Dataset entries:

==*==

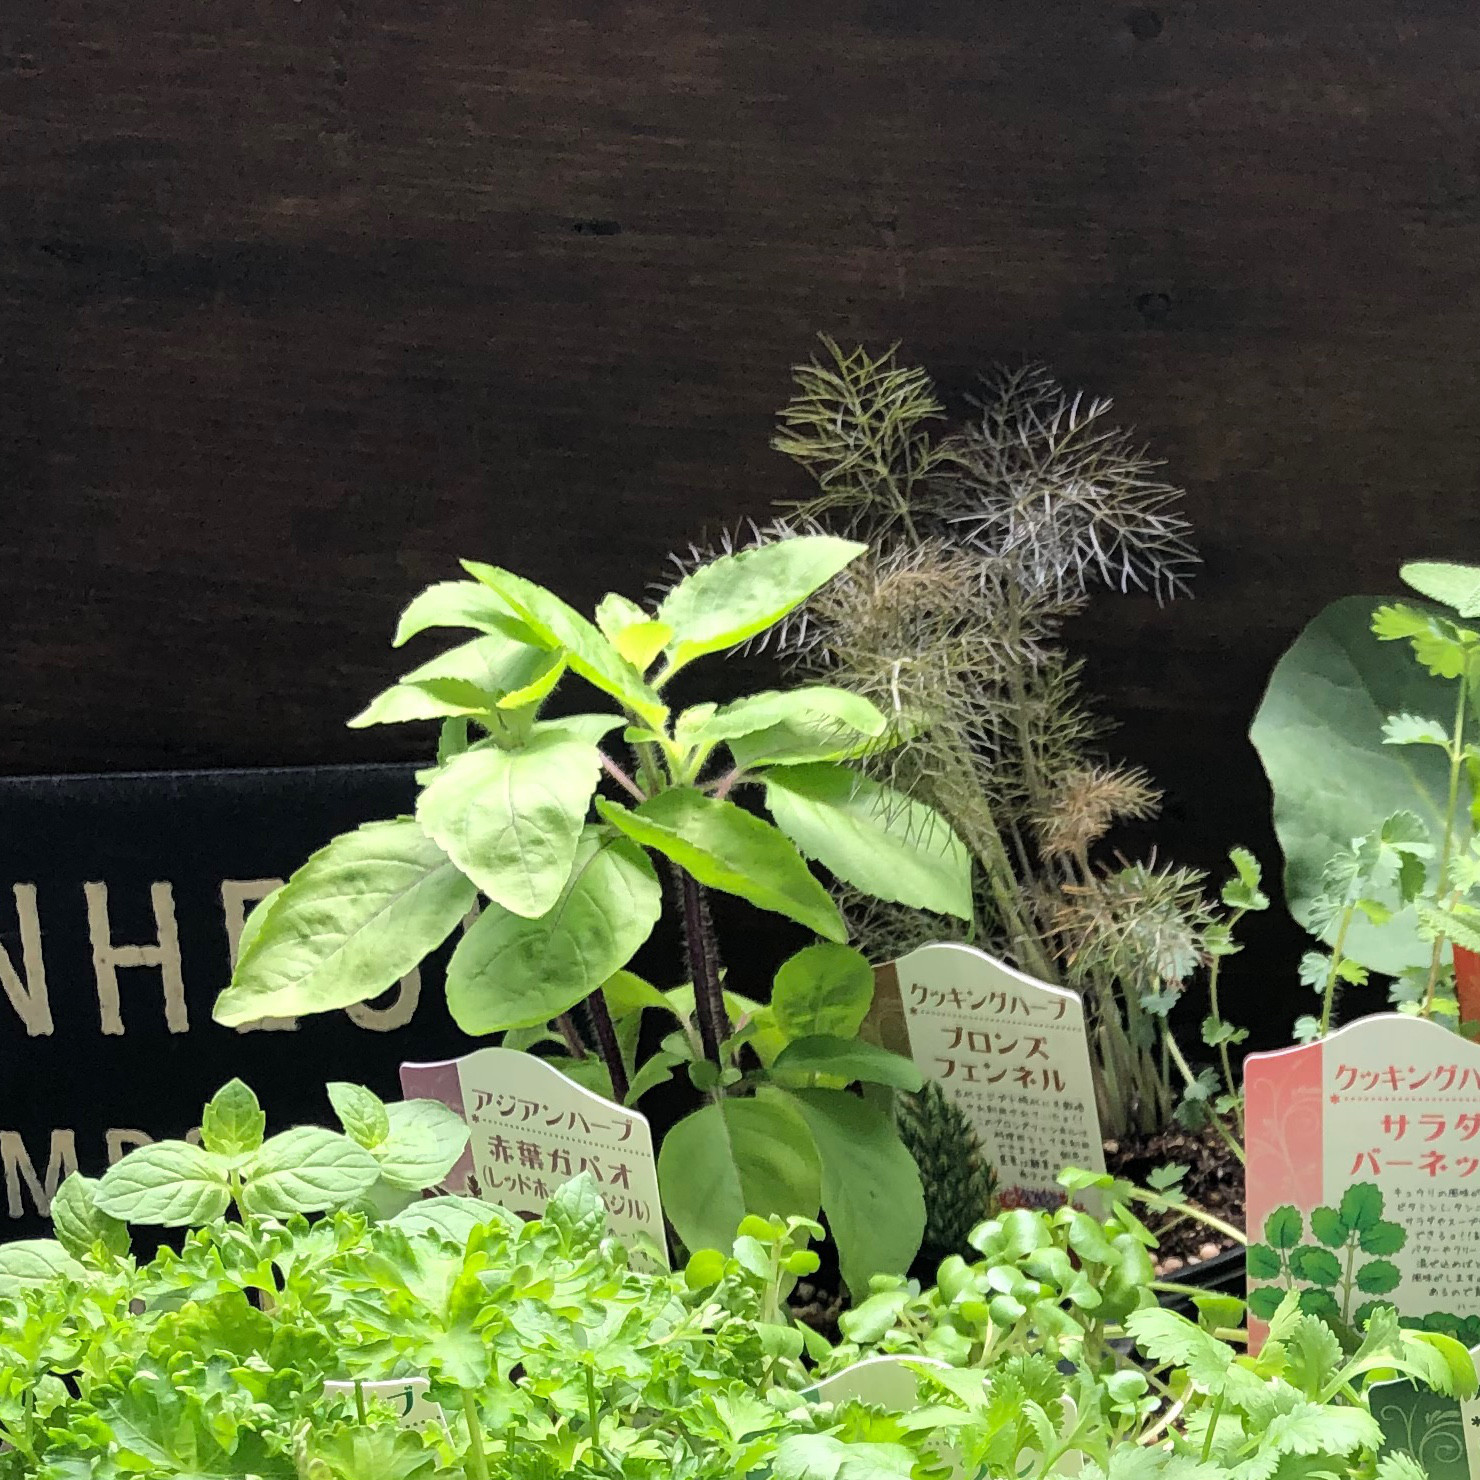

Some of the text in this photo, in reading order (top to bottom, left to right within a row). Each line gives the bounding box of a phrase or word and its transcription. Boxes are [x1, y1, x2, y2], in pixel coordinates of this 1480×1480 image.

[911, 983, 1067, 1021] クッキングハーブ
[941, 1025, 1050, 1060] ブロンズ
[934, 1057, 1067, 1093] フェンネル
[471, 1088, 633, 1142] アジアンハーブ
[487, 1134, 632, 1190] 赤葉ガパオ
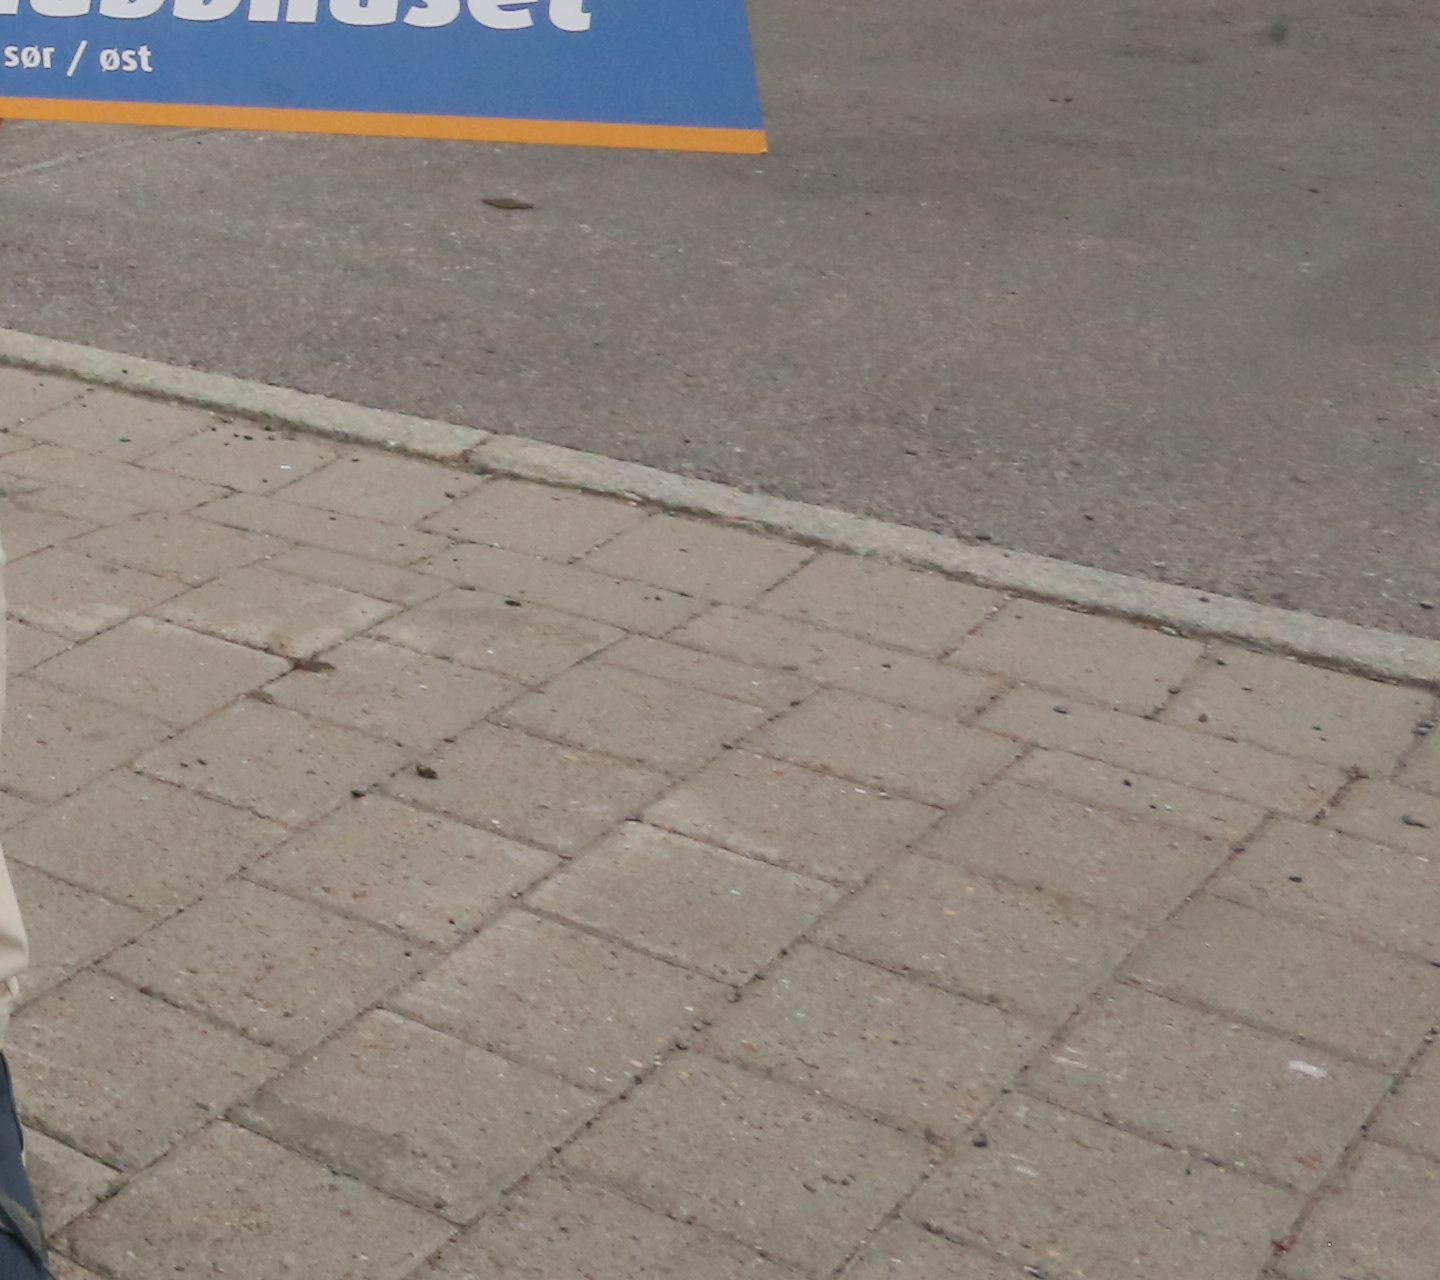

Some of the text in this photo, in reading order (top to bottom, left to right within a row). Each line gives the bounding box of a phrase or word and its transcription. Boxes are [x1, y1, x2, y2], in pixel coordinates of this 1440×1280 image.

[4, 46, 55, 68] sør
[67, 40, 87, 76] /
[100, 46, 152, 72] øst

==*==

PROBLEM TO WORK ON: What is needed is an exact copy of the lines from the one containing "this 1440×1280 image." through the last line of the records above, both included.

ANSWER BOX:
Some of the text in this photo, in reading order (top to bottom, left to right within a row). Each line gives the bounding box of a phrase or word and its transcription. Boxes are [x1, y1, x2, y2], in pixel coordinates of this 1440×1280 image.

[4, 46, 55, 68] sør
[67, 40, 87, 76] /
[100, 46, 152, 72] øst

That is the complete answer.